## [Task item]
An exact copy of the data is needed, one that excludes all pictures.

====

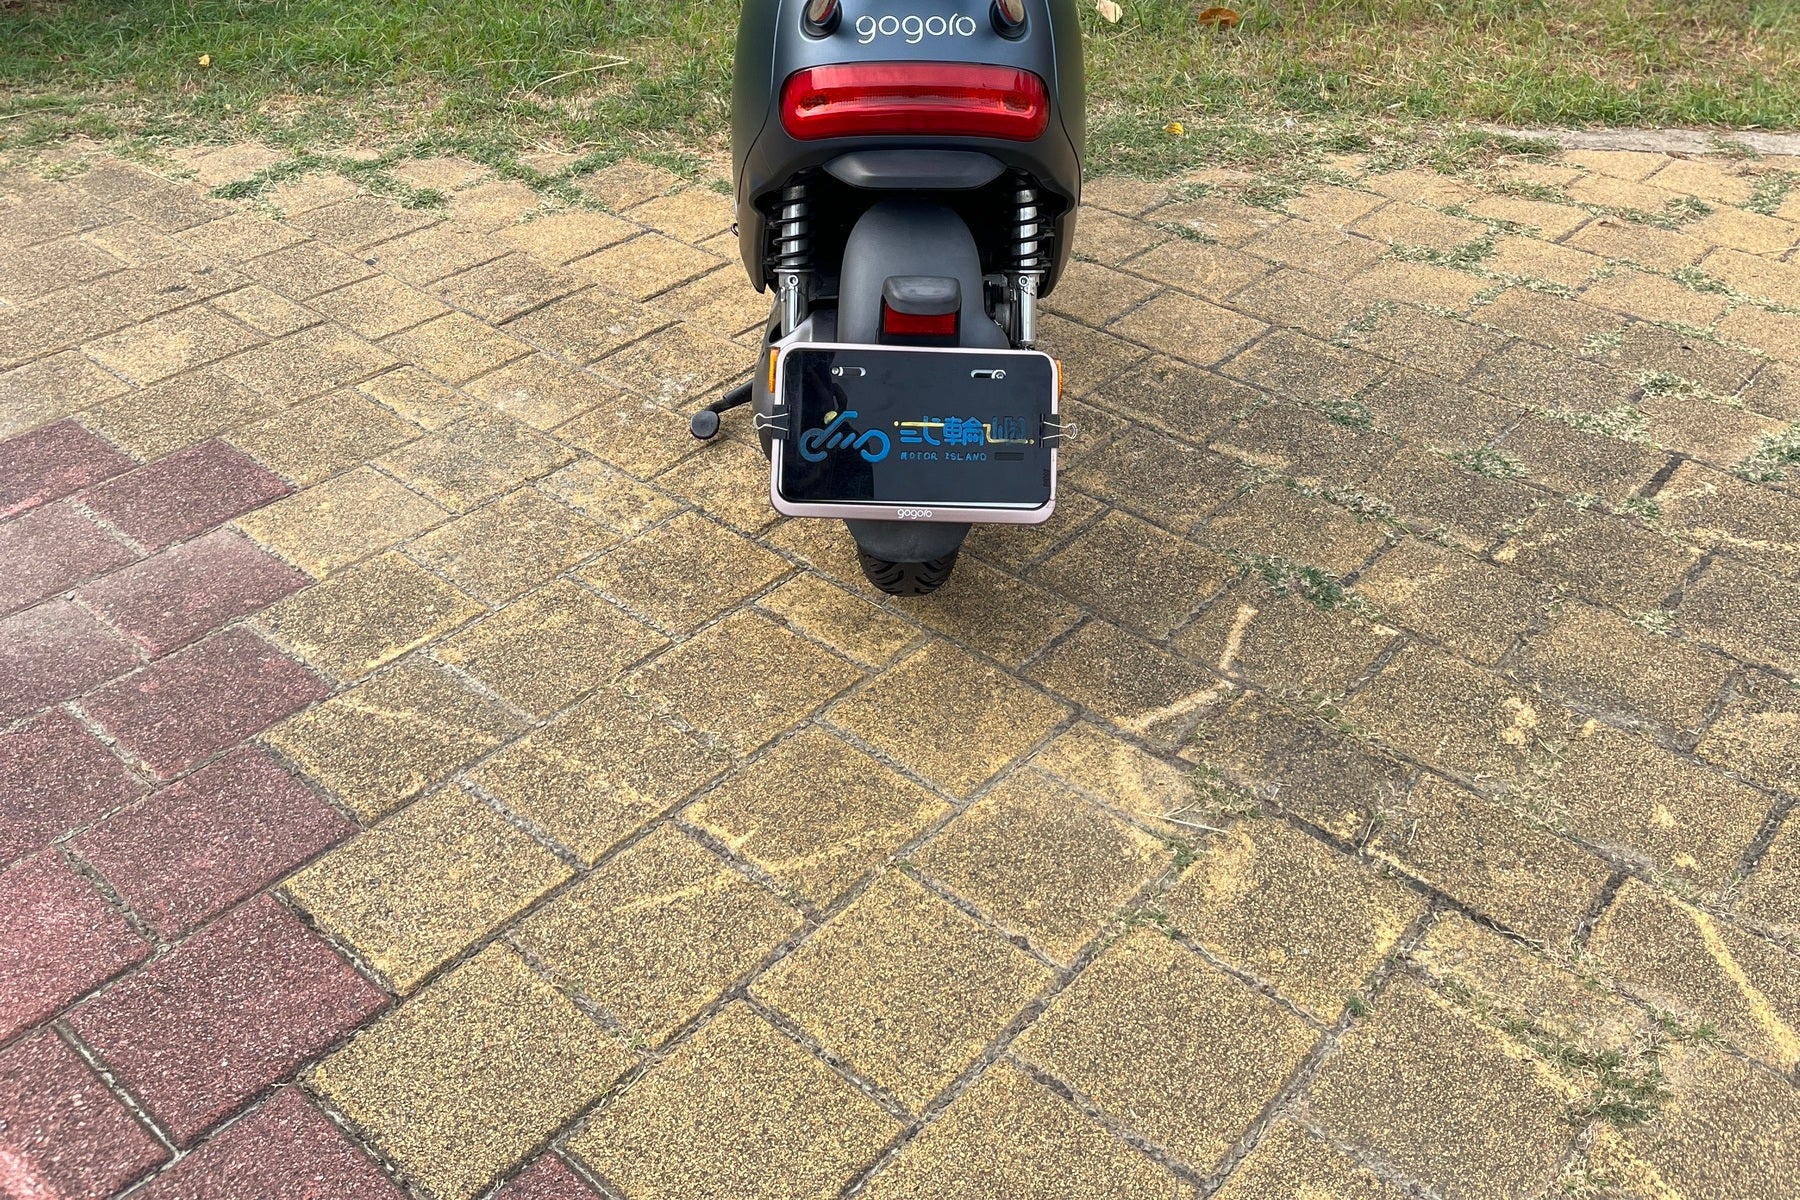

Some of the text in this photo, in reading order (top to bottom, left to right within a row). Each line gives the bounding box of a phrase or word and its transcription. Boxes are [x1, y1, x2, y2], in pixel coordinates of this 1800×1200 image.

[854, 12, 977, 44] gogoro
[900, 451, 938, 461] MOTOR
[897, 508, 933, 519] gogoro
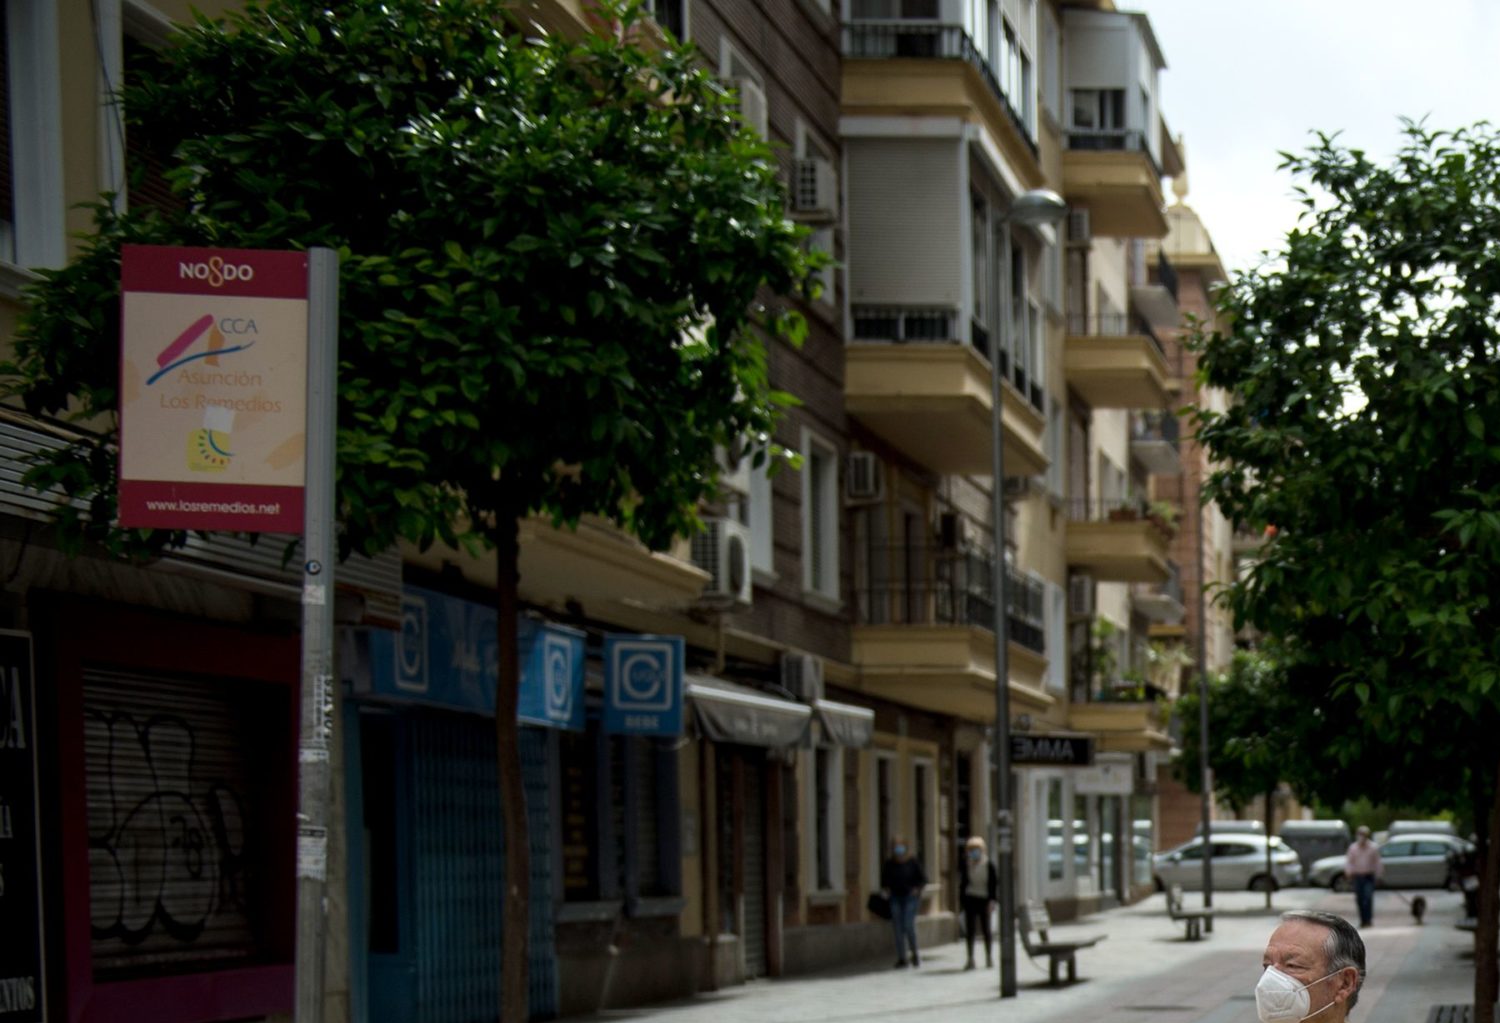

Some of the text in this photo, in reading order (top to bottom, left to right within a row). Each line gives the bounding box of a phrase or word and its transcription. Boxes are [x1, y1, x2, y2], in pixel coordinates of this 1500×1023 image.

[220, 318, 258, 335] CCA
[178, 369, 262, 386] Asunción
[160, 394, 189, 409] Los
[146, 499, 280, 514] www.losremedios.net
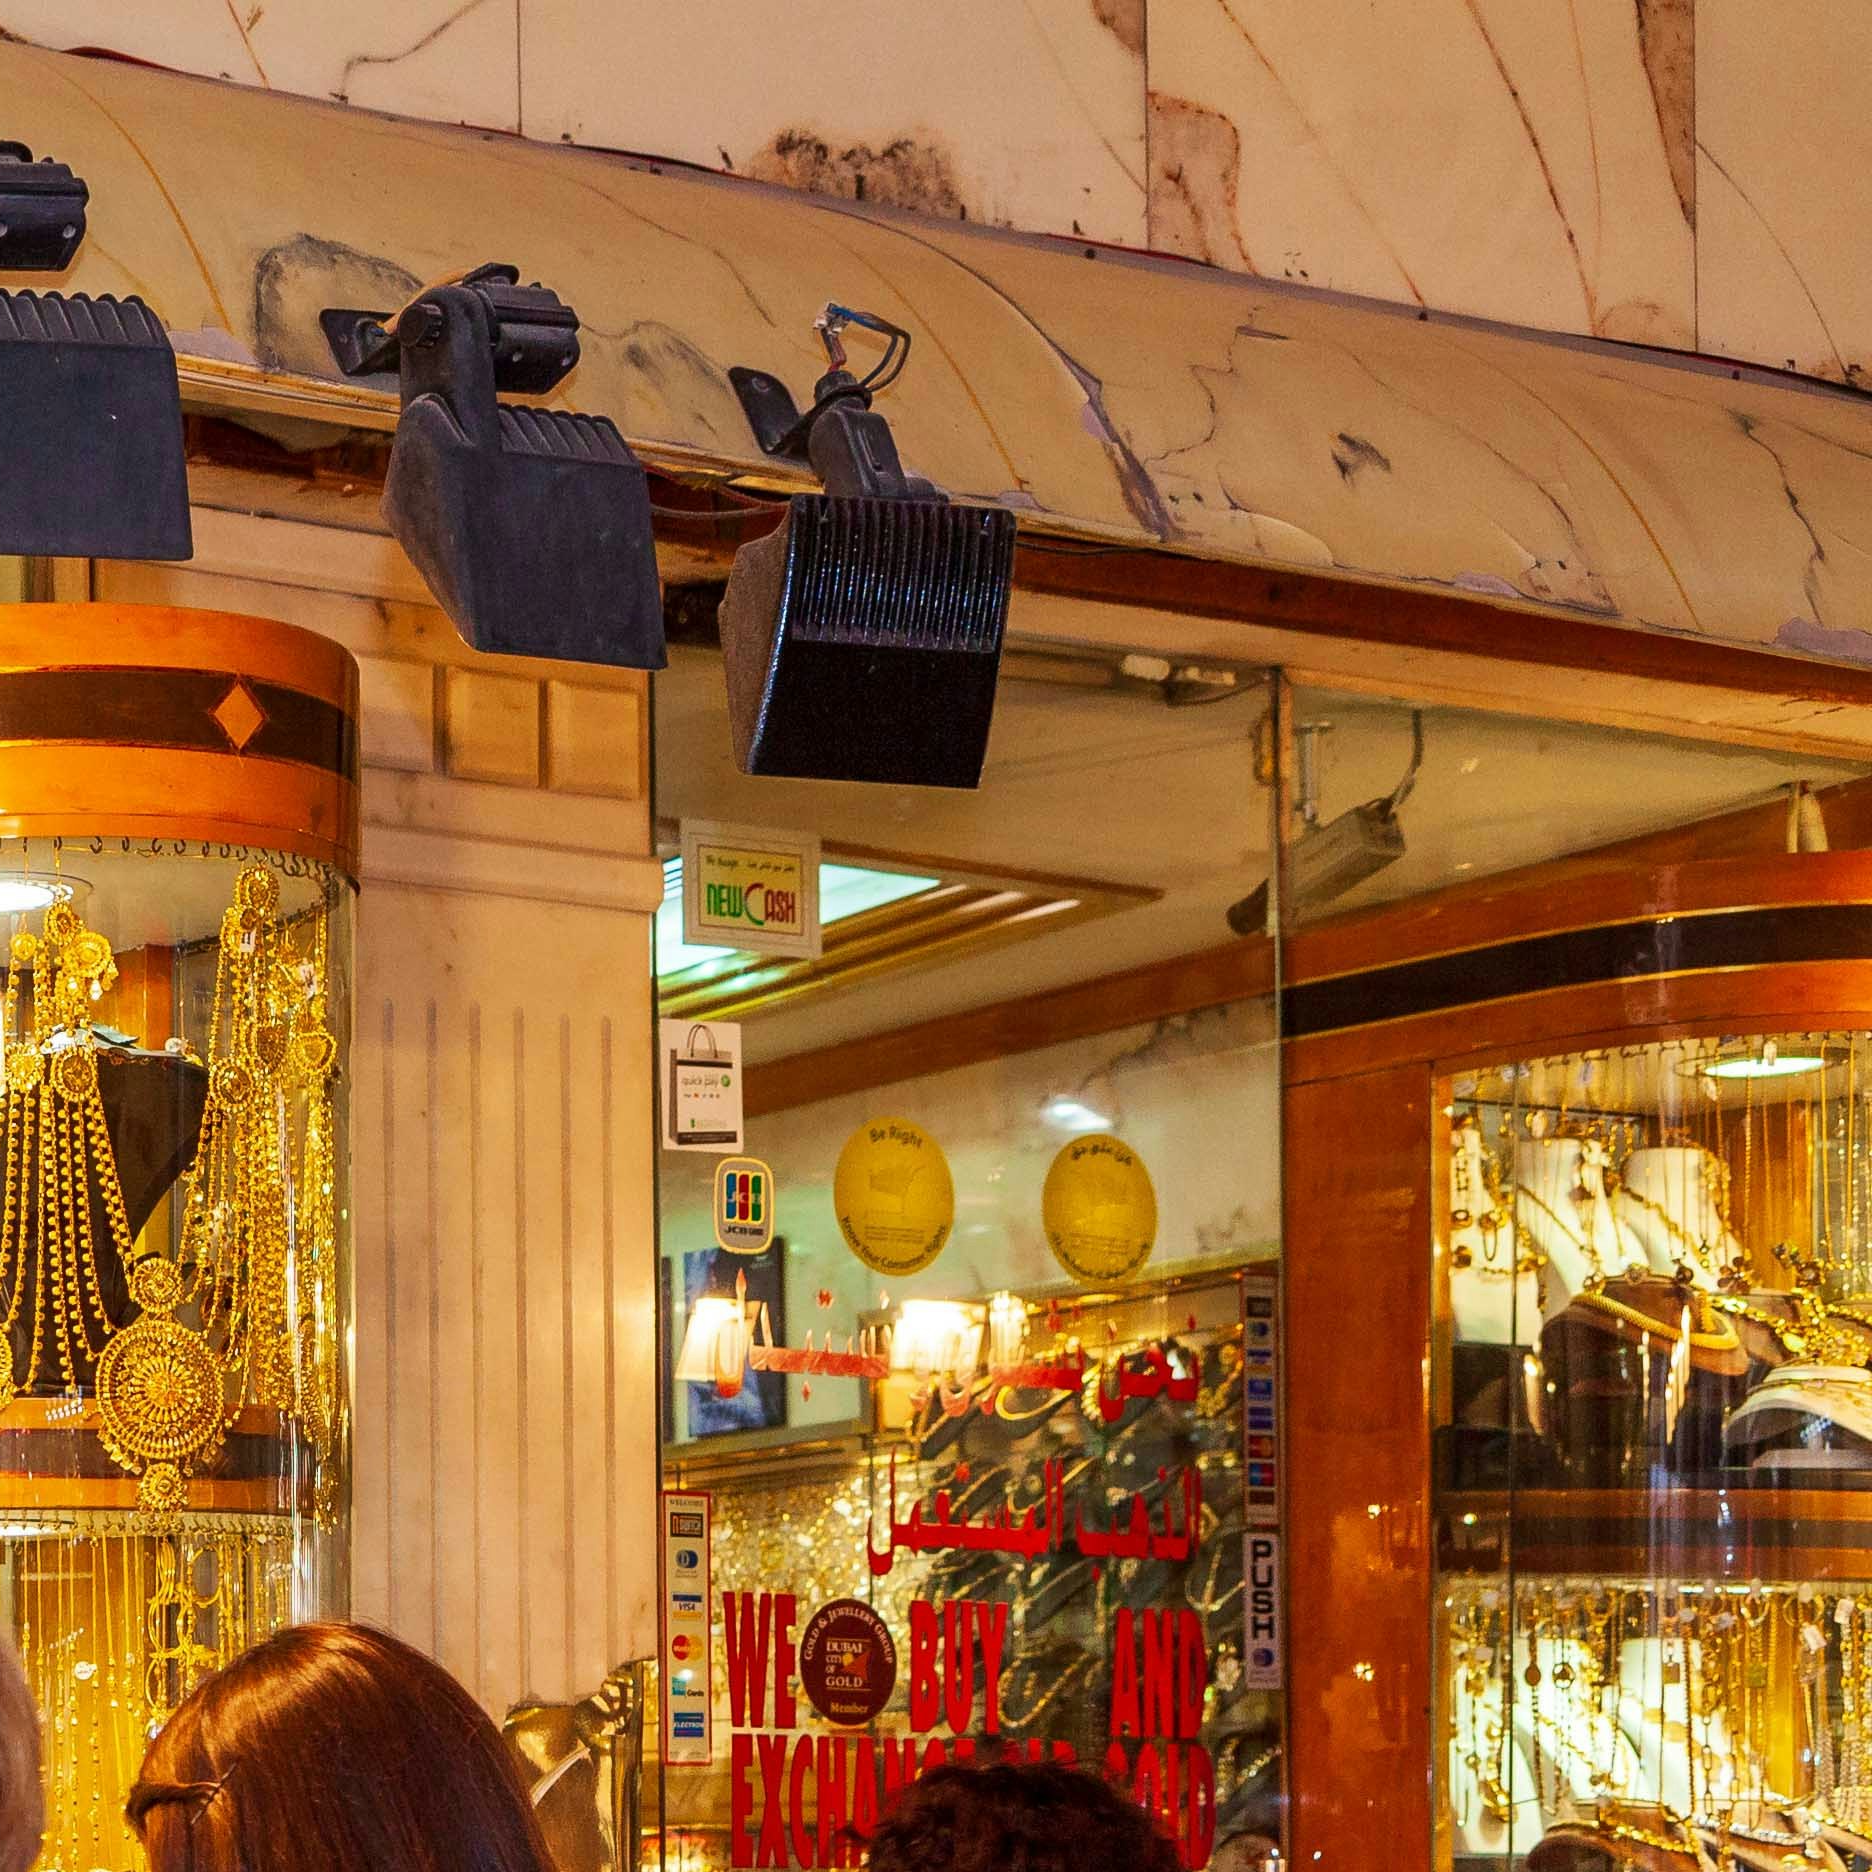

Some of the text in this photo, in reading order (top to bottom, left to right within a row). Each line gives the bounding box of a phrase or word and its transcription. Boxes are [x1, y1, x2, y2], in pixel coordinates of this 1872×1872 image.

====

## [Answer to this problem]
Some of the text in this photo, in reading order (top to bottom, left to right within a row). Each line gives the bounding box of a phrase or word and its transcription. Boxes are [x1, y1, x2, y2], in pixel coordinates of this 1800×1200 image.

[854, 12, 977, 44] gogoro
[900, 451, 938, 461] MOTOR
[897, 508, 933, 519] gogoro

Some of the text in this photo, in reading order (top to bottom, left to right within a row). Each line gives the bounding box of a phrase or word and its transcription. Boxes are [x1, y1, x2, y2], in pixel coordinates of this 1500×1023 image.

[220, 318, 258, 335] CCA
[178, 369, 262, 386] Asunción
[160, 394, 189, 409] Los
[146, 499, 280, 514] www.losremedios.net

Some of the text in this photo, in reading order (top to bottom, left to right within a row). Each line gives the bounding box of a phrase or word and its transcription. Boxes are [x1, y1, x2, y2], in pixel coordinates of this 1872×1872 image.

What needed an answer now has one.